Thursday, April 26, 2007

The Archaeology of the Desk


My mother was by no means tall or large-boned; perhaps five feet four inches on a slender frame. As it happens with so many persons, things, and events held over from the past, the memory of her is of a large presence, a comfortable and comforting presence, a person to whom stranger and friend alike confided amazing secrets from within the heart’s remotest cache.

The desk she left me—a Queen Anne secretary, to be precise—is of a physical size and design infinitely more suited to her size and neatness than my six-foot-three-inch tendency to sprawl and to leave things unfiled. I keep the desk as part of an on-going souvenir of the turmoil and celebration of a mother-son relationship.

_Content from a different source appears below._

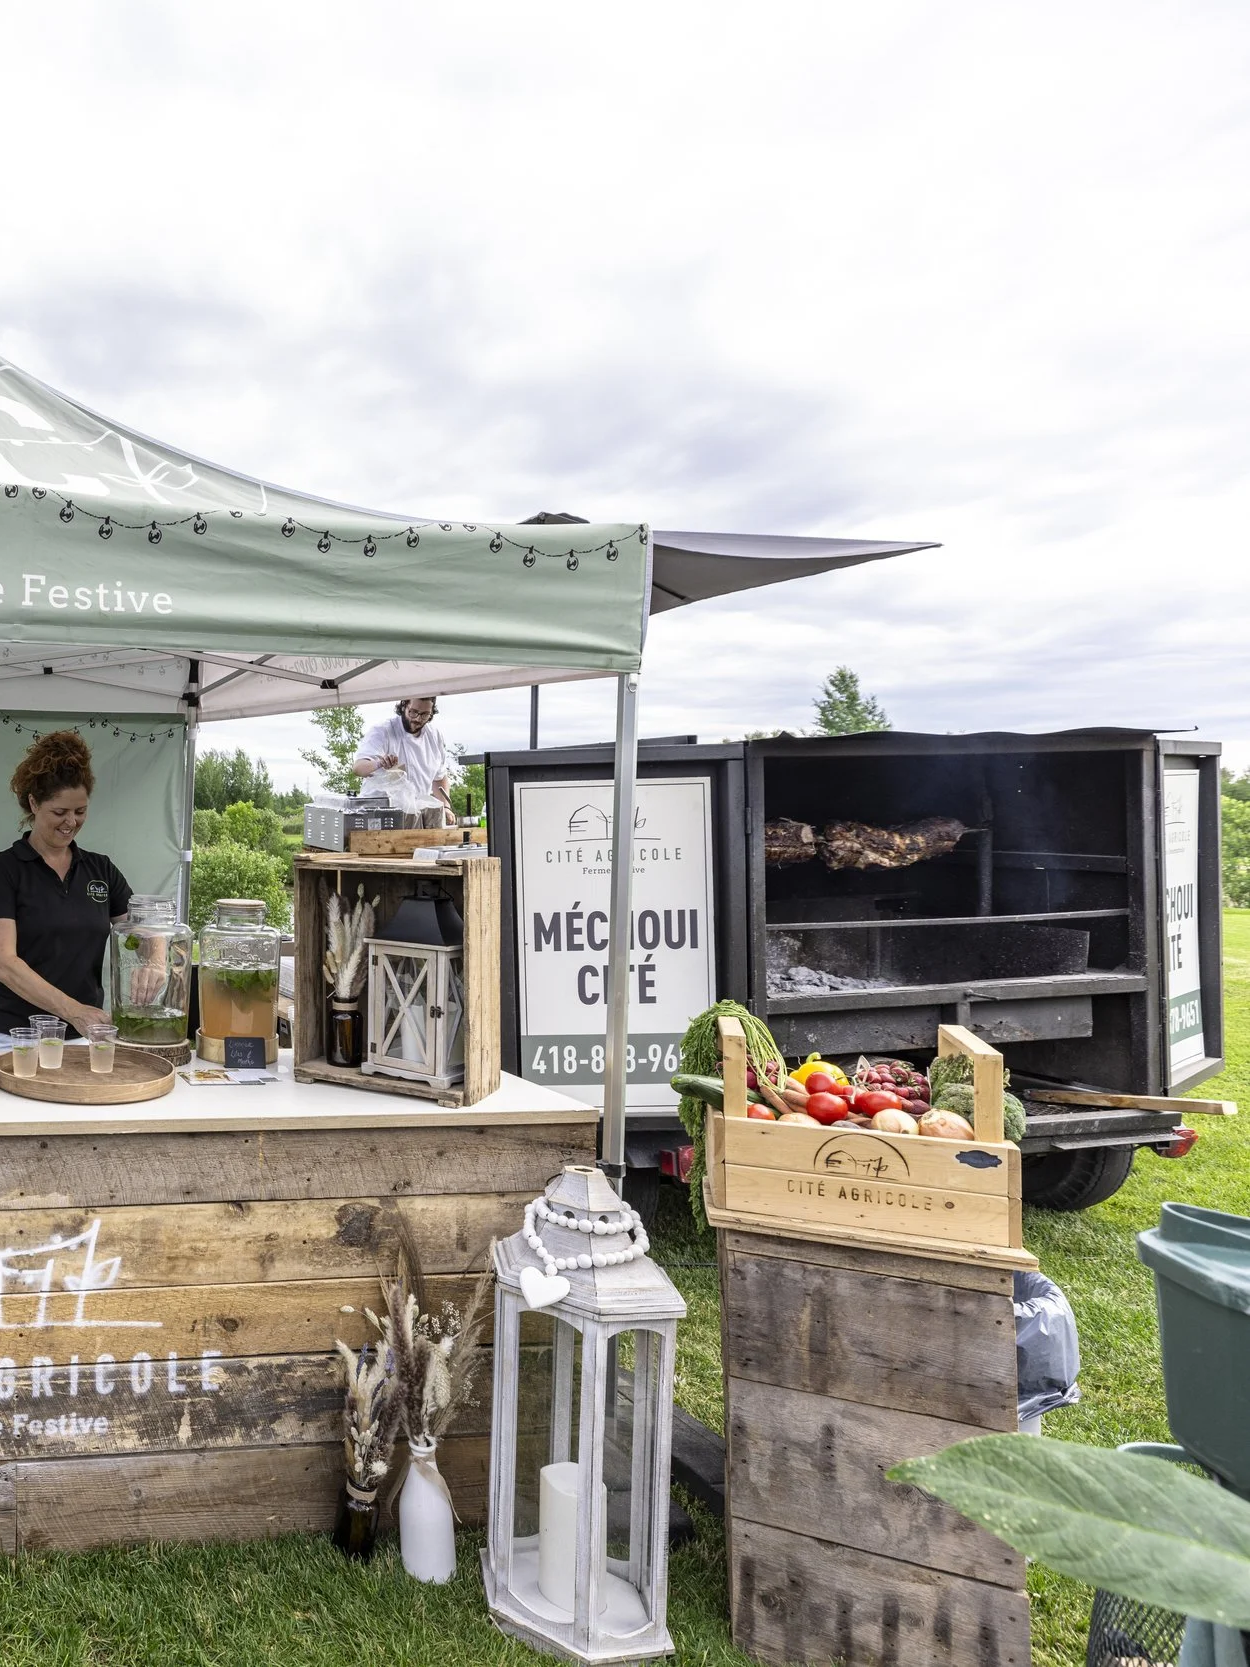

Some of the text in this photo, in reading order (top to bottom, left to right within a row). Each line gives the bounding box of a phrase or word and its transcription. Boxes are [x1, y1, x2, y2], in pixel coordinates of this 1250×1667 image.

From time to time, my attempts to restore order to said Queen Anne secretary—a euphemism if ever there was one for trying in despair to find some misplaced thing—produce an avalanche. From one of the nooks or slots or drawers, there cascades a tumble of business cards—some mine from the many detours of my working life—and small envelopes such as the moisturized napkins given by barbecue and fast-food restaurants. 

There are artifacts from my passion for fountain pens, a pencil sharpener in the shape of a typewriter, given me as a birthday present by a group of students at least twenty years ago; reminders to call two doctors, one a client, the other a man who yanked me out of the seas of cancer some years back, several containers of saline solution with which to ease the passage of contact lenses in and out of my eyes, a pair of mini-speakers which, when the mood strikes them, enhance my laptop sound system, a photo of a dear old pal with long, floppy ears (a Blue-tick hound named Edward), and the now scrunched envelope containing the grade sheet for the past semester at the University, which has cleverly contrived to hide a post card with two remarkable photos of houses, taken by Gregory
Spaid, the originals now residing in the Getty Museum in Los Angeles.

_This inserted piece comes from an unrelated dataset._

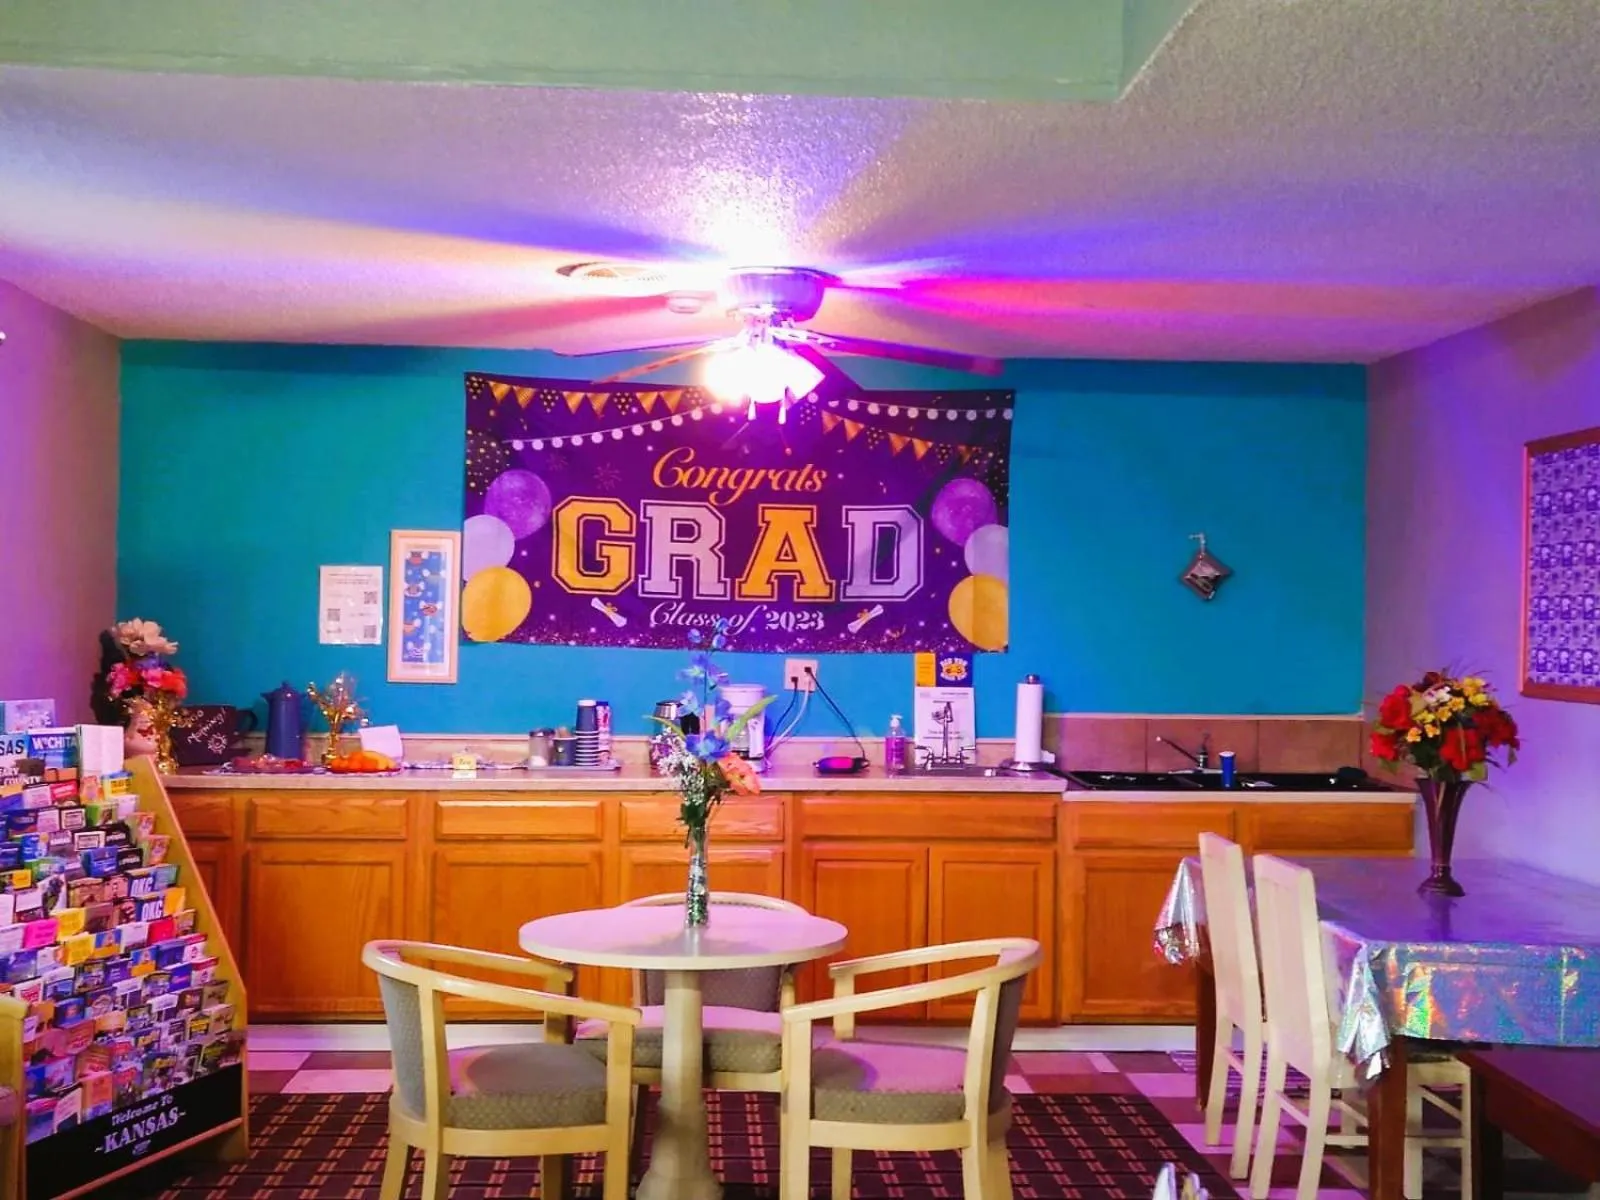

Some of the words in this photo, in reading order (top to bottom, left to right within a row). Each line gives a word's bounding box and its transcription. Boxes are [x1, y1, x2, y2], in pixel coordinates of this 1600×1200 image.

With some regularity, the avalanche of envelopes contains a white packet about the size of a credit card, its label printed in Spanish, its contents advertised as having the miraculous properties of power. Power to what? You ask. Ah, there is the simple wonder of the packet. Power to do things. Power to ward off things such as sloth, procrastination, and stuff. Sight of the envelope always comes as a surprise; I have to think for a moment, wondering how I came by this miraculous envelope. Then I remember: fifteen years or so ago in the large downtown marketplace in Guadalajara, purchased for twenty pesos at a time when one dollar equaled fifteen hundred pesos. “How much power can there be in the envelope,” I asked the vendor, “when it is sold for so little?”

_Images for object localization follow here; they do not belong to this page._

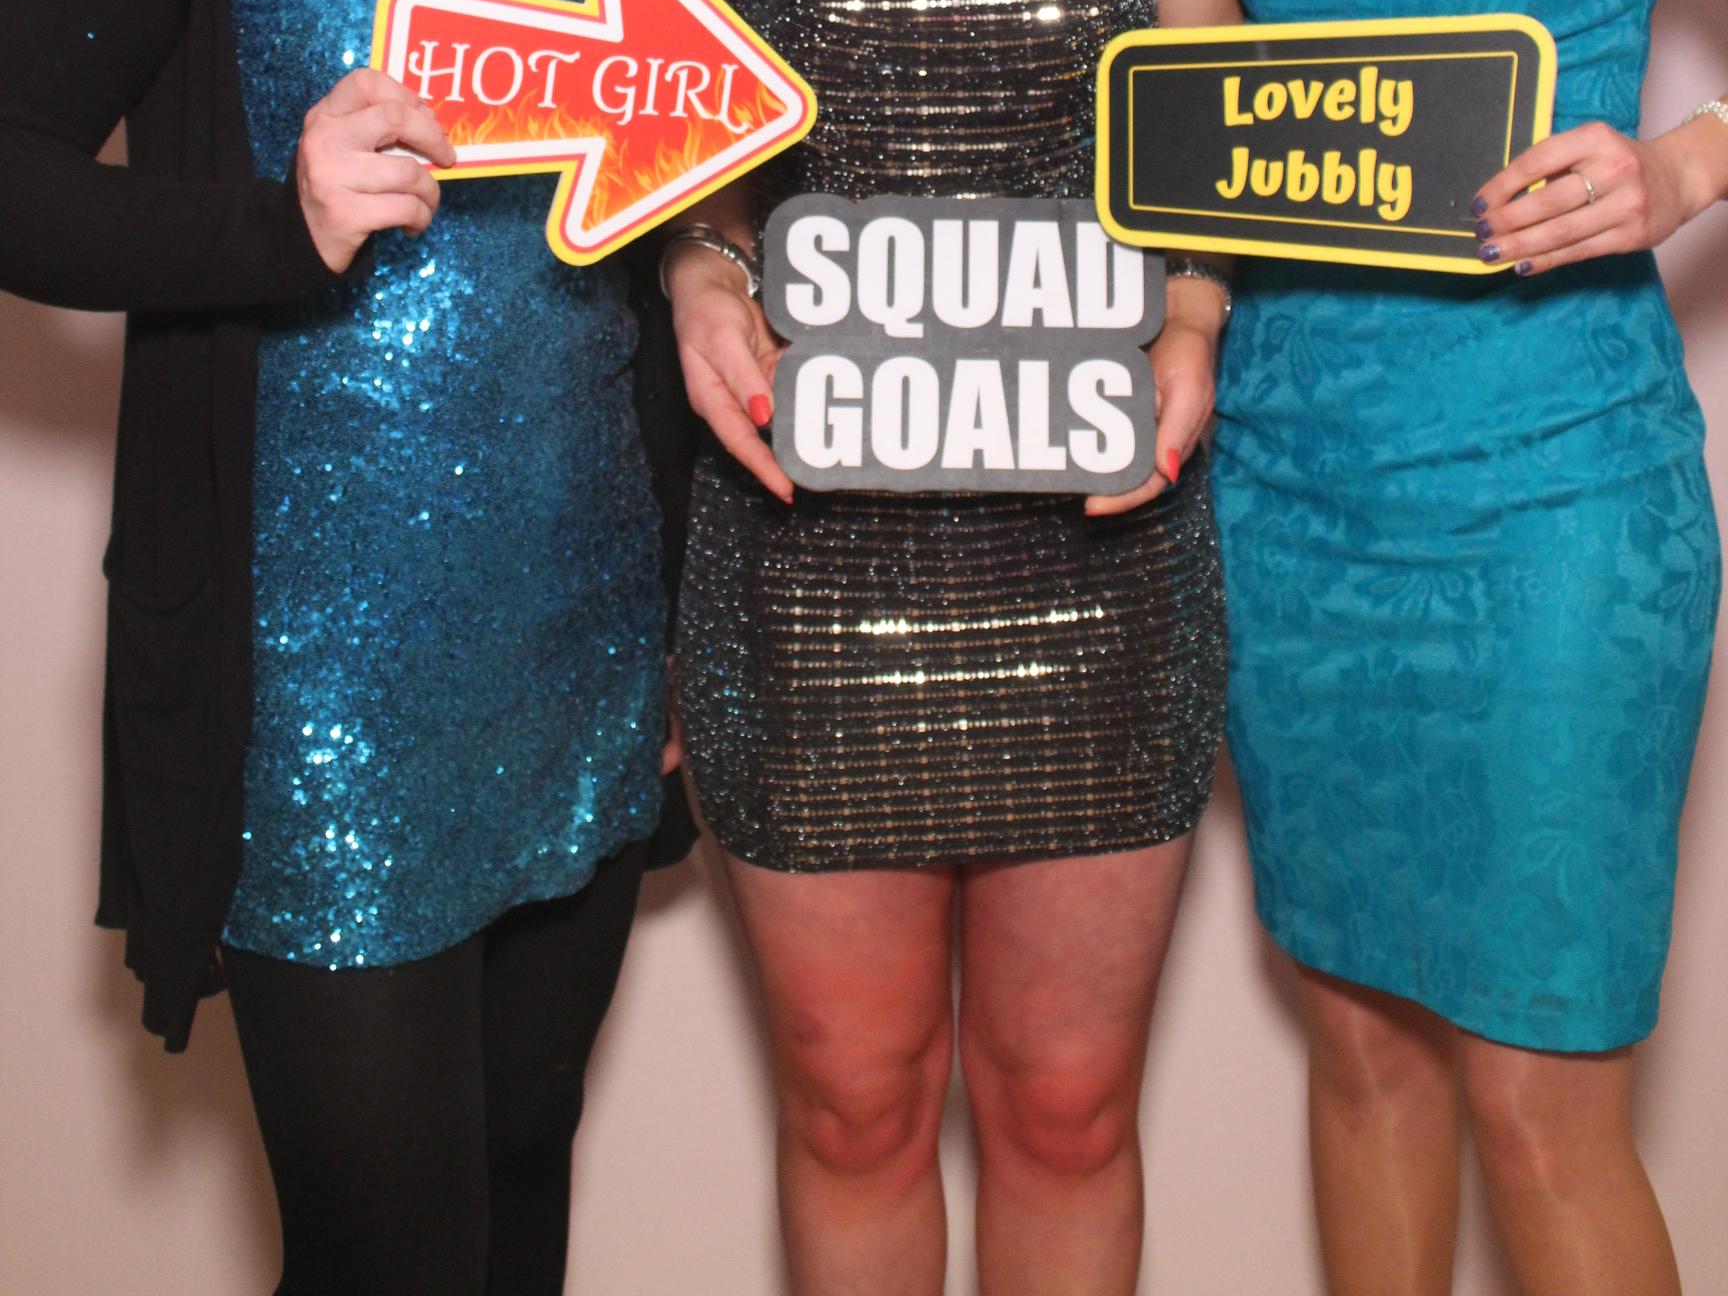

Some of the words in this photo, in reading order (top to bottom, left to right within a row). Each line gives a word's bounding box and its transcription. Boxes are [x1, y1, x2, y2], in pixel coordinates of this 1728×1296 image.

[408, 40, 581, 110] HOT
[592, 54, 749, 135] GIRL
[1223, 66, 1414, 137] Lovely
[1215, 147, 1413, 222] Jubbly
[785, 215, 1145, 339] SQUAD
[793, 354, 1136, 474] GOALS

The vendor, a small, well-dressed man with a cynical bearing, shook his head. “Los Angeles,” he said. “West side. Fairfax or Hamilton High, maybe University High. Two years high school Spanish.”

Fairfax,” I confessed, “and actually, I started the Spanish in junior high.”

“What they didn’t teach you,” the vendor said, “was to look inside.” He shook his head. “They teach you mirar, to look at, but they don’t teach you buscar, to look for.”

In the years since I have purchased the envelope, the closest I have come to examining the powder inside the envelope is to poke at its sides, trying to guess by feel if the powder is sand, sugar, powdered milk. At various times I have suspected all three, concluding it is probably sand, the least expensive and, thus, at whatever price the envelope is sold, the greatest ROI, return on investment.

That, of course, is the mirar, to look at approach.
With the buscar, the look for approach, I don’t have to sift the envelope through my fingers. I know what’s inside. I know what the contents of the envelope of the great power are.

It is imagination.

Once again, I return the envelope to the archaeological dig site of my mother’s desk, where it becomes lost under the layers of other artifacts, waiting to be discovered once again as I look for instead of merely looking at.